Witam.
Posiadam światła przeciwmgielne, soczewkowe na żarówkę H3. Połowa soczewki jak to bywa jest przesłonięta. Zastanawiam się czy warto montować w takowe światła xenon, tym bardziej że rzadko korzystam z przeciwmgielnych, jednak z drugiej strony jak już przeciwmgielne mają być użyte to mam wrażenie że świecą za słabo.
Czy ktoś z wa używał takowych rozwiązań u siebie ?
Xenon w światła przeciwmgielne - kto używa ?
Było już na forum TUTAJ . Zapomnij o xenonach. Znając życie jeszcze pewnie chciałbyś 4500K lub lepiej 5000K. We mgle im cieplejsza barwa, tym lepiej przebija się przez mgłę. Na xenonach będziesz miał białą ścianę.
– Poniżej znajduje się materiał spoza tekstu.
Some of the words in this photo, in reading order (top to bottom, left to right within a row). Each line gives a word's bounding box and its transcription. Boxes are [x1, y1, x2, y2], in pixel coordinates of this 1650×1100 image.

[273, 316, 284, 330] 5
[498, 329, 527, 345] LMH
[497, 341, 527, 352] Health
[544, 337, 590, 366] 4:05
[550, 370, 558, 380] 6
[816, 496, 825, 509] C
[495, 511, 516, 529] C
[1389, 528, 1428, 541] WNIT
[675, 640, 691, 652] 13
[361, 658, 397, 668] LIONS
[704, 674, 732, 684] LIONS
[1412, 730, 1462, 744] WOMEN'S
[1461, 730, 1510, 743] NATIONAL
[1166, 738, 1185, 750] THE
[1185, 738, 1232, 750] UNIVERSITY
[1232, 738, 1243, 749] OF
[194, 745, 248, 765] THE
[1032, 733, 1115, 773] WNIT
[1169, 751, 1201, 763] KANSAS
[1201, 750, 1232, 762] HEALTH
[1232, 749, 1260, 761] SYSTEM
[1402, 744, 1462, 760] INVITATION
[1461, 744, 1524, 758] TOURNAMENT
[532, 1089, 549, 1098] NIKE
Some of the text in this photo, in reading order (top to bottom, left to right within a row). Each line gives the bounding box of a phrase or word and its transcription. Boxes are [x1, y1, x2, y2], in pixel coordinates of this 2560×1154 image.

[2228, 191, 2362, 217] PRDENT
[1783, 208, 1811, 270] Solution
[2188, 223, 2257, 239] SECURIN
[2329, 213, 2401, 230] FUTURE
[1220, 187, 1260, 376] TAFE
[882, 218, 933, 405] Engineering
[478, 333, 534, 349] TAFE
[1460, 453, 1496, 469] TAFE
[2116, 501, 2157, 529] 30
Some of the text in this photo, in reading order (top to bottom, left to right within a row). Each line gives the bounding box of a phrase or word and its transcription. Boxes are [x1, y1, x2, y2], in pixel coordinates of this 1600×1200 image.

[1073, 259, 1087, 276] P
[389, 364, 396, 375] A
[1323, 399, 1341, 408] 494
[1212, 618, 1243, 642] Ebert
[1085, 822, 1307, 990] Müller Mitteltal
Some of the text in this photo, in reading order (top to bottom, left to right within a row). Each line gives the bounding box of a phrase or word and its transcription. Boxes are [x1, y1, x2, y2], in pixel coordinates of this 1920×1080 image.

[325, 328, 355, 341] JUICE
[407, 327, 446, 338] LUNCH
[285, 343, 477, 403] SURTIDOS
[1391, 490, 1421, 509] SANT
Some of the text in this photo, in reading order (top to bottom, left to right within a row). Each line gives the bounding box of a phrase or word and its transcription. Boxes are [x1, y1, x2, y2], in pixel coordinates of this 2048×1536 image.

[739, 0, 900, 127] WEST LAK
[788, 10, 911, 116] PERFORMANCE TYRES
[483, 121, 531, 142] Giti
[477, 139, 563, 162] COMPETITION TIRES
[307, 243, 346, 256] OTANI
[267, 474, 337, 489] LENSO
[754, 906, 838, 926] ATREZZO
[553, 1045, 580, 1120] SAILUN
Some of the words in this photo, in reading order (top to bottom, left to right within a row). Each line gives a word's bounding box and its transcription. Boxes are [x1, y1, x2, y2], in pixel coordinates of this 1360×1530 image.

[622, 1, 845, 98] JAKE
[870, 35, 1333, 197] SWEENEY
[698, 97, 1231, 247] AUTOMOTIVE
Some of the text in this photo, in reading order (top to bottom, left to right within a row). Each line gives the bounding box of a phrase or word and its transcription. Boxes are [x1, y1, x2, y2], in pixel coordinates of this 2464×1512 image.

Przede wszystkim zacznij, od sprawdzenia czy zmieści się tam w środku żarnik. Wybrałbym żółte 3000K o ile konstrukcja tej soczewki jest solidna. Wszak we mgle, każda odrobina światła skierowana w górę jest niepożądana, więc idealna linia odcięcia jest jak najbardziej wskazana. W przeciwnym wypadku możesz sobie tylko pogorszyć widoczność.
Różnica w wielkości jest dość spora:
Tak czy siak, tyle kasy i grzebania by włączyć to 2 -3 razy w roku? Gdzie tu sens?
Różnica w wielkości jest dość spora:
Tak czy siak, tyle kasy i grzebania by włączyć to 2 -3 razy w roku? Gdzie tu sens?
Mam u siebie przeciwmgielne na H7 i xenon 3000k w którym bańki palników są pokryte zlotą powłoką przypominającą Philips'y Allweather. We mgle rewelacja ale jest jedno ALE szkła muszą być czyste. Więc jeśli szkiełka będą zawsze czyste to polecam, jeśli nie to efekt raczej kiepski i wpadając na autostradzie we mgłę przydały by się spryskiwacze i wycieraczki na przeciwmgielne.